Nurse educators are in demand due to increasing nursing students and RNs pursuing education. Roles include:

– Teaching clinical skills
– Mentoring students
– Designing and assessing curriculum
– Engaging in scholarly research

Education: Typically requires a graduate degree, sometimes at the doctoral level, and certified nurse educator credentials.

Salary Range: $71,000-$86,000 (Average: $80,720, as of December 2022)

11. Nursing Informatics Specialist

Nursing informatics specialists manage data systems in healthcare settings. Their tasks include:

– Selecting and applying technological applications
– Developing and maintaining systems
– Educating nurses on system use

Education: A BSN degree, strong computing skills, and familiarity with electronic medical records are necessary. Certification in nursing informatics can boost opportunities.

Salary Range: $60,000-$100,000 (Average: $86,240)*

12. Certified Diabetes Educator

Diabetes educators teach patients to manage their condition. Duties involve:

– Educating on monitoring and symptom management
– Instructing in medication administration
– Providing guidance on diet and nutrition

Education: A BSN and two years of RN experience are usually required.

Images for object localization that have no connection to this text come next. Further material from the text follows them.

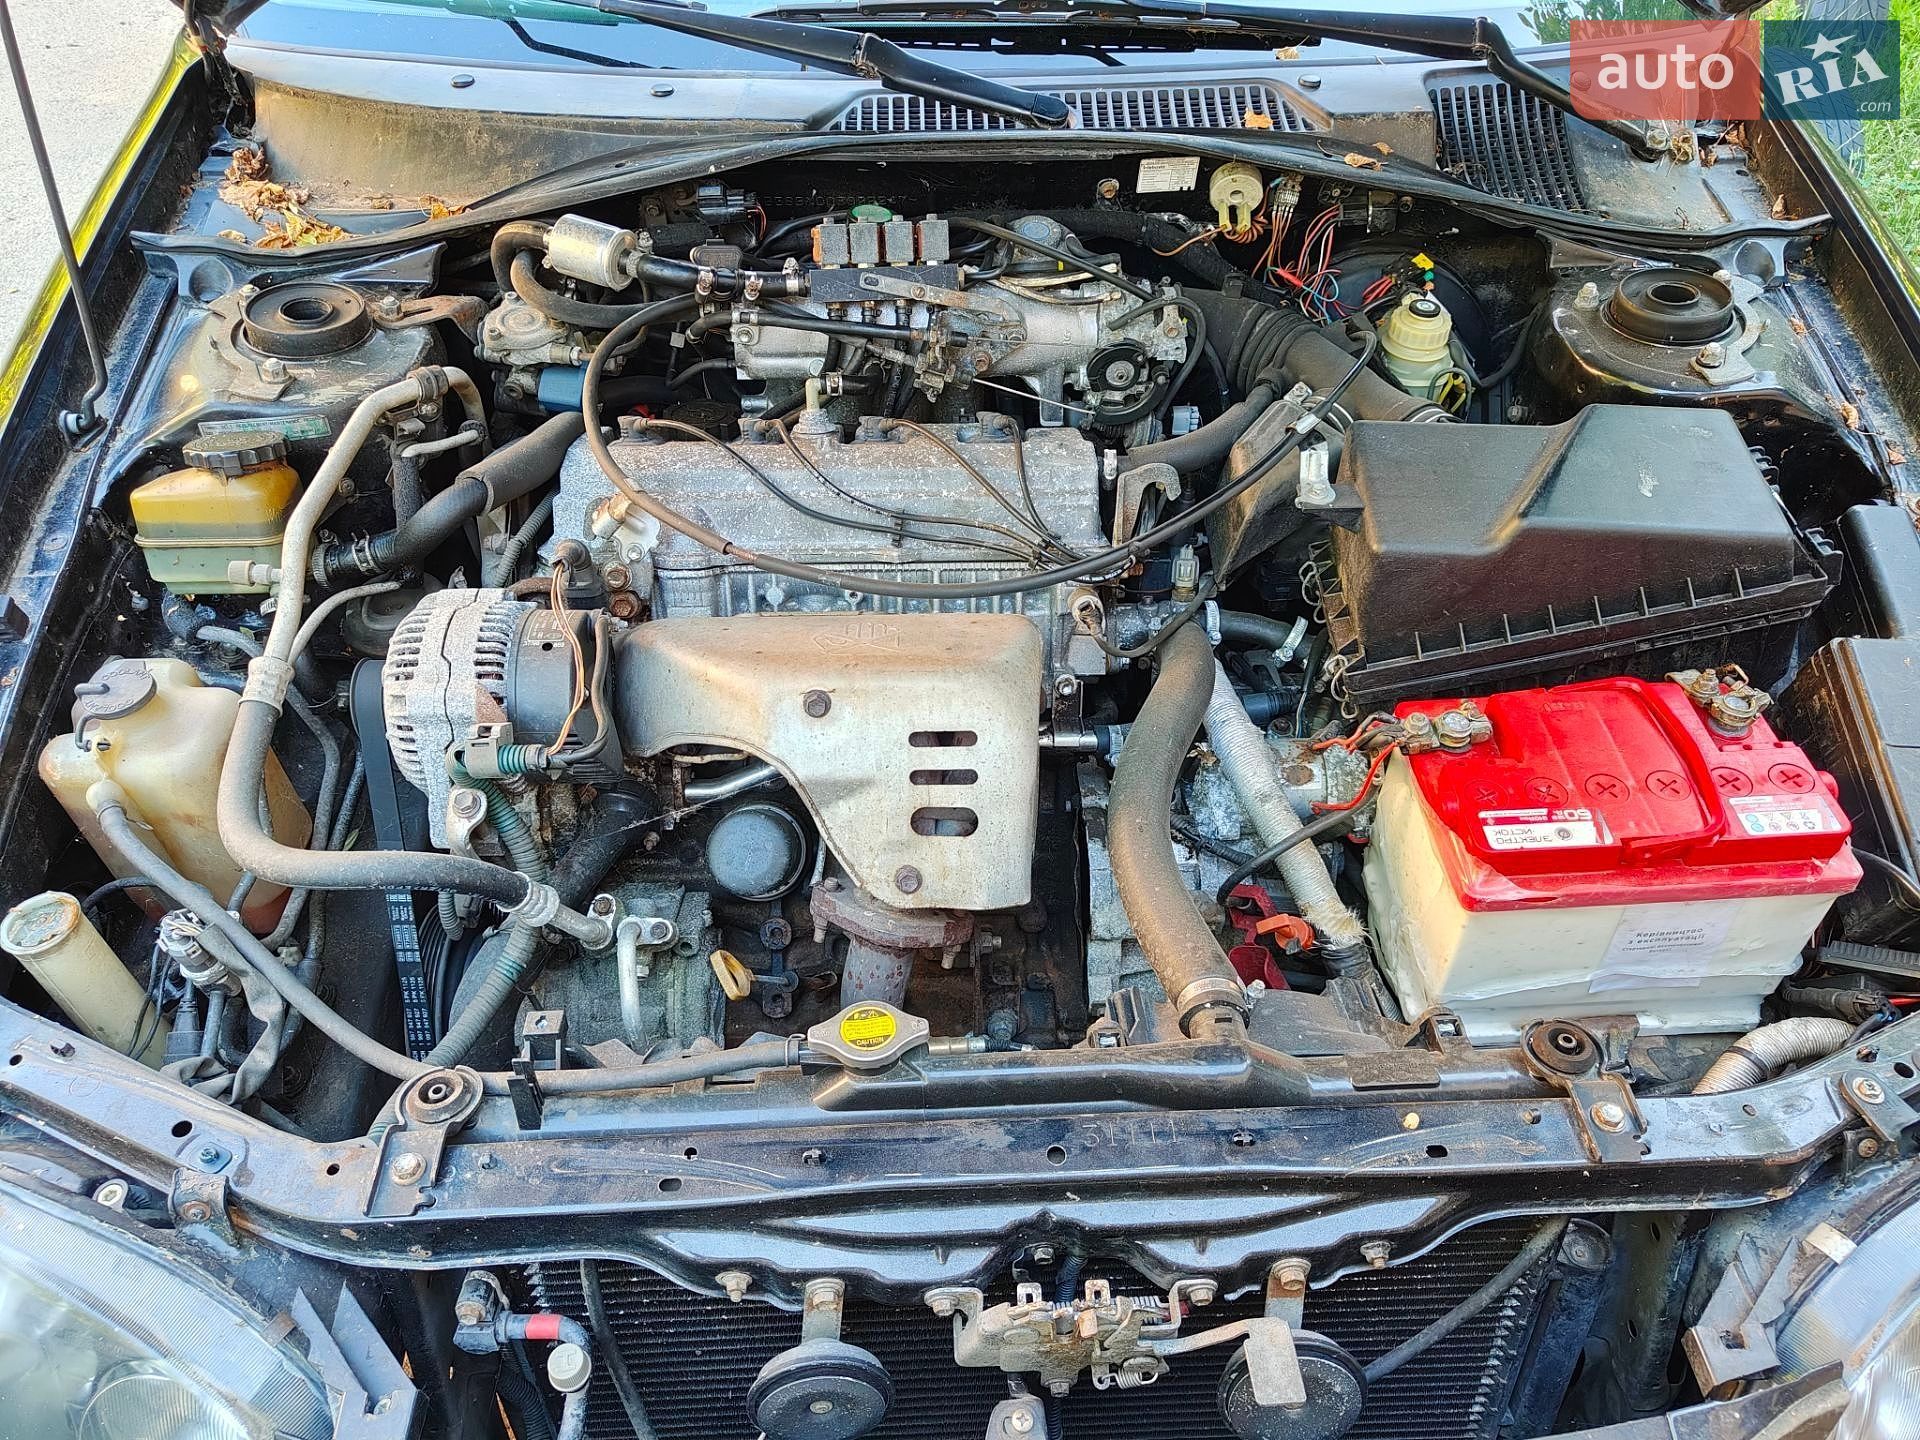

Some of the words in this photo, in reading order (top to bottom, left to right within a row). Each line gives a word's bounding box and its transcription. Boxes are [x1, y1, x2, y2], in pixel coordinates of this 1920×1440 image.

[1493, 828, 1533, 836] ИСТОК
[1496, 835, 1553, 845] ЭЛЕКТРО
[1636, 928, 1704, 938] Керівництво
[1637, 934, 1705, 944] експлуатації
[856, 1036, 884, 1046] CAUTION

Certified diabetes educator or advanced diabetes management credentials are beneficial.

Salary Range: $55,000-$90,000 (Average: $70,810)*

13. Telehealth Nurse

Telehealth nurses offer care remotely through digital means. They consult with providers and monitor patients. Responsibilities encompass:

– Remote patient care
– Consultations with healthcare professionals
– Recommending in-person care when needed

Salary Range: $43,000-$89,000 (Average: $57,500, as of October 2022)

14. Flight Nurse

Flight nurses care for critically ill patients in aircraft during medical transport. Their tasks include:

– Assessing and treating patients
– Administering medications and aid
– Preparing patients for transport
– Communicating with the flight team

Education: A valid RN license and an ADN or BSN are required. Specialized training and certifications enhance employment prospects.

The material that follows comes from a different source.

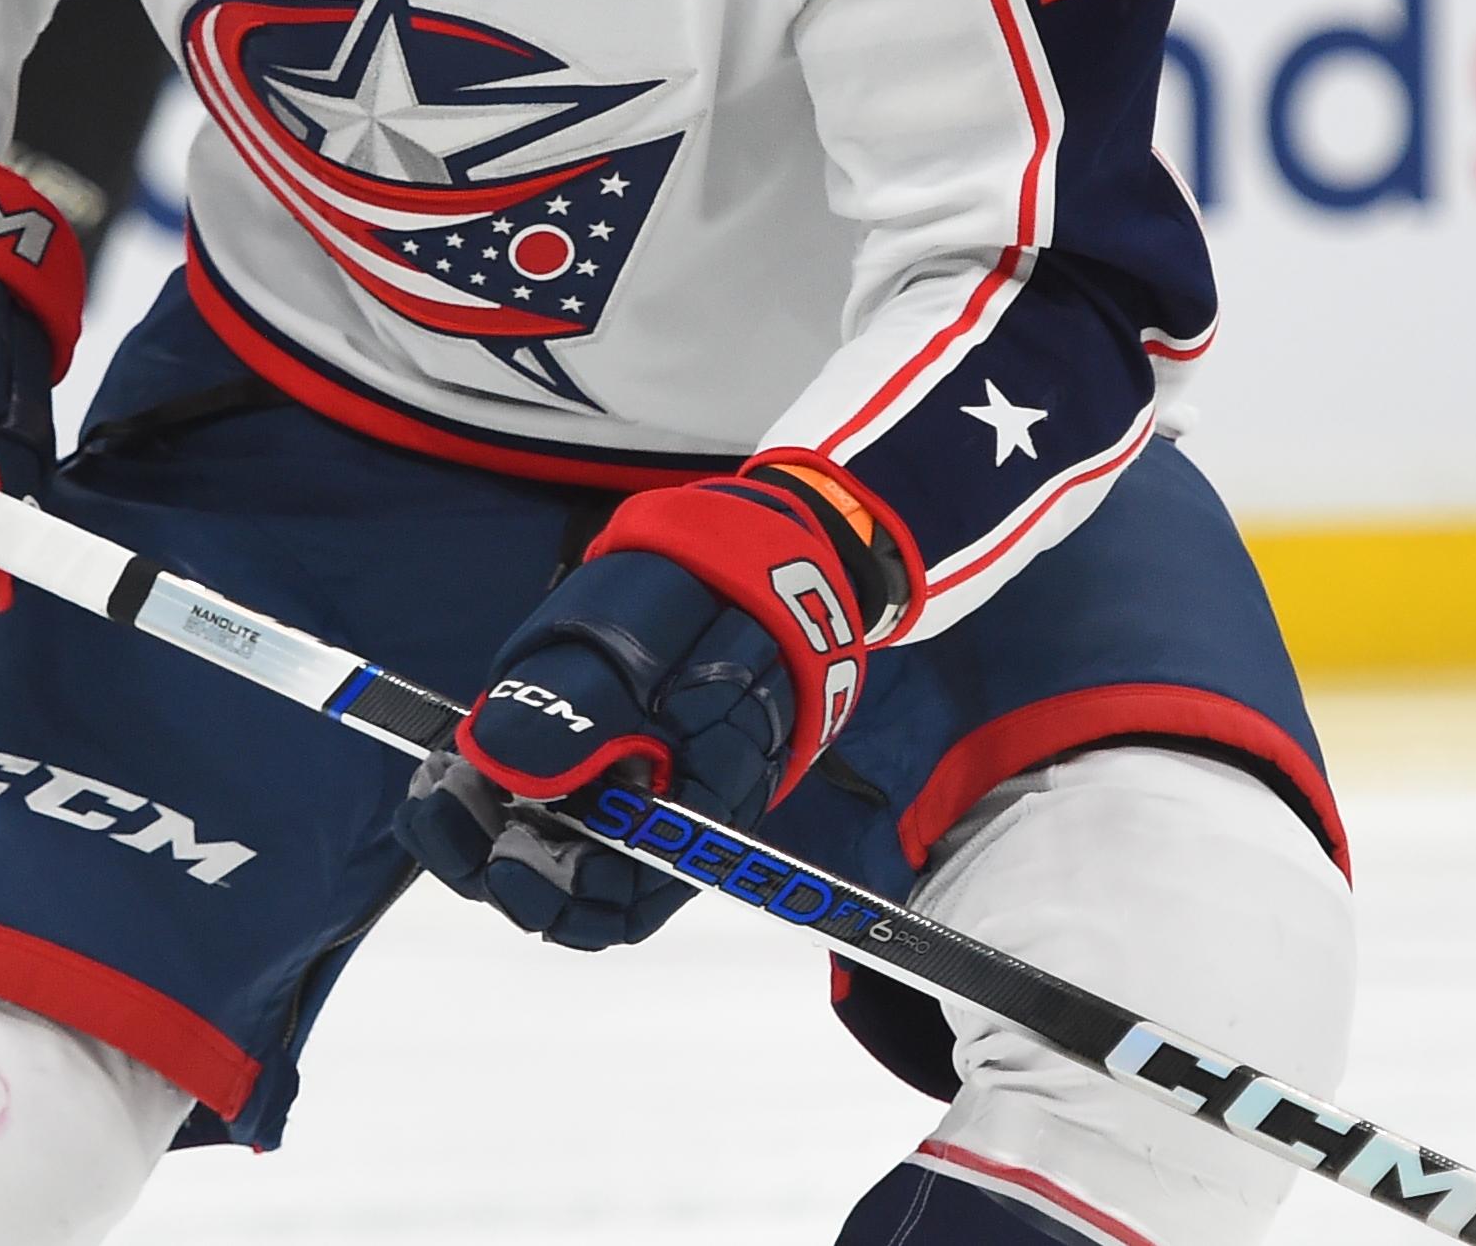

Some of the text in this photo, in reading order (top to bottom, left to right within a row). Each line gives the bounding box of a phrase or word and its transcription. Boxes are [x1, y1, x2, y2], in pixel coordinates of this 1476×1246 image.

[190, 604, 261, 644] NANOLITE
[768, 557, 857, 772] CC
[488, 680, 595, 733] CCM

Salary Range: $55,000-$97,000 (Average: $83,750)*

15. Nurse Administrator

Nurse administrators manage healthcare operations, budgets, and staff. Their responsibilities include:

– Recruiting and supervising nurses
– Setting performance goals and reviews
– Ensuring regulatory compliance
– Budget management

Education: MSN holders with nursing administration certifications are often preferred for these roles.